10 year old: I wish I had infinity dollars to give to Elon Musk and Jeff Bezos.

Elon Musk and Jeff Bezos: Ooh! Thanks!


Republicans in power:  deficits? what deficits?

Republicans out of power:  deficits BAD!


dave said:

Republicans in power:  deficits? what deficits?

Republicans out of power:  deficits BAD!

 also:

Deficits resulting from tax cuts -- no biggie

Deficits resulting from spending on social programs or infrastructure -- BAD!!


drummerboy said:

lol, the Austrians are having aneurysms over this.

 we've seen deficit spending since 2008 that's been unlike anything since WWII and we haven't had inflation, or "wrecked the economy."  But THIS TIME, they're sure it will.  Shouldn't there be a point at which empirical observation trumps theoretical predictions?


While I absolutely agree with the sentiments behind many of these posts and the wisdom of borrowing and investing during times of low interest rate (i.e. periods of insufficient demand),  ask yourselves this. If deficits don’t matter at all, why do we collect taxes? Why not just print money?


jimmurphy said:

While I absolutely agree with the sentiments behind many of these posts and the wisdom of borrowing and investing during times of low interest rate (i.e. periods of insufficient demand),  ask yourselves this. If deficits don’t matter at all, why do we collect taxes? Why not just print money?
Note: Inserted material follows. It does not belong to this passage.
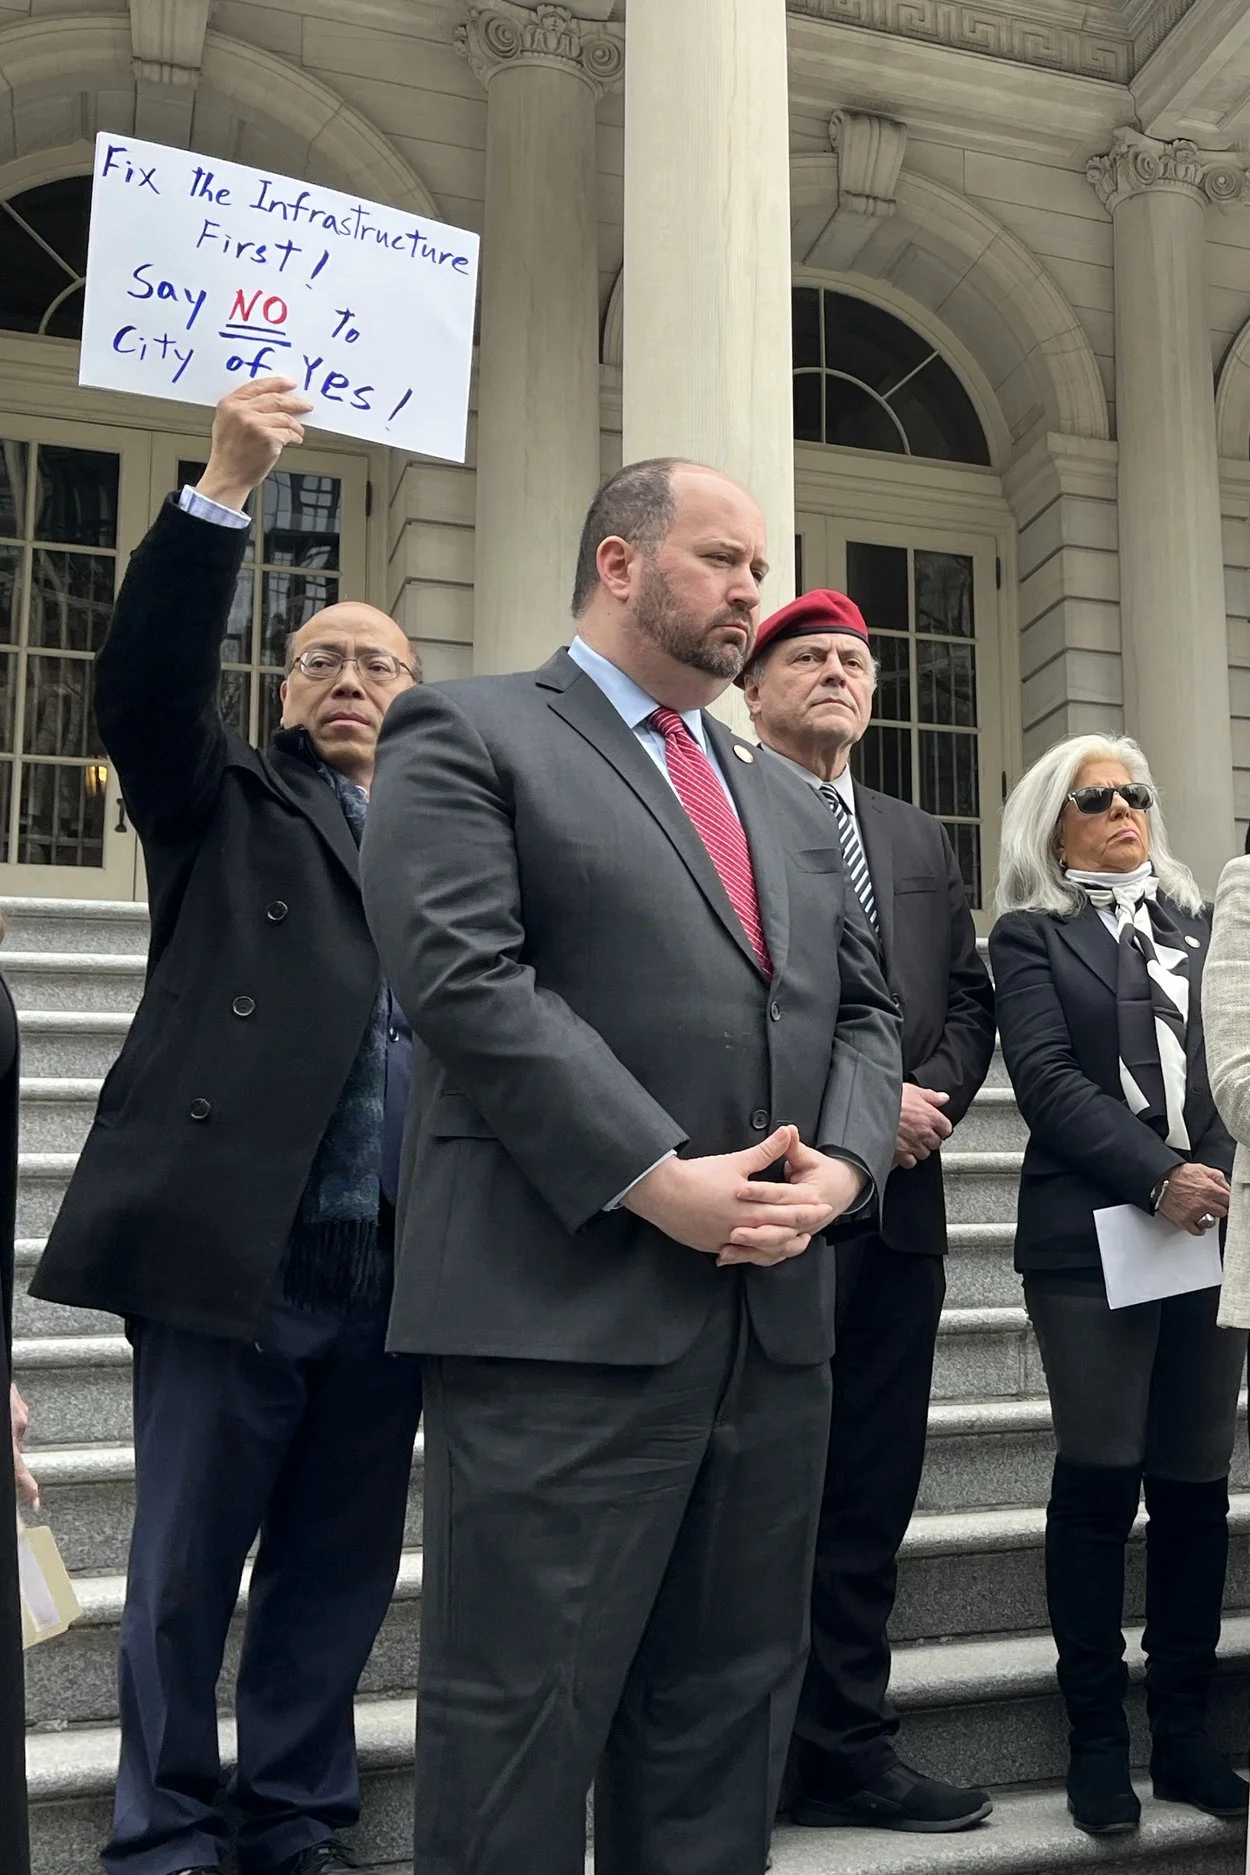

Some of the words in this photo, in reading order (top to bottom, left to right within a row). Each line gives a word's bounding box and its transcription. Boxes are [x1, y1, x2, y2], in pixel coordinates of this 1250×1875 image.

I'm pretty sure the "infinity dollars" argument isn't actually being made by any sensible person.  But as a non-economist, my understanding is that a country can run deficits and increase debt as long as it can borrow at reasonable interest rates.  Would anyone buy the debt of a country that didn't collect taxes and just printed money?


jimmurphy said:

While I absolutely agree with the sentiments behind many of these posts and the wisdom of borrowing and investing during times of low interest rate (i.e. periods of insufficient demand),  ask yourselves this. If deficits don’t matter at all, why do we collect taxes? Why not just print money?

According to Modern Monetary Theory (which I believe is accurate) the purpose of taxes is not to raise revenue. It's partially to offset demand in the economy.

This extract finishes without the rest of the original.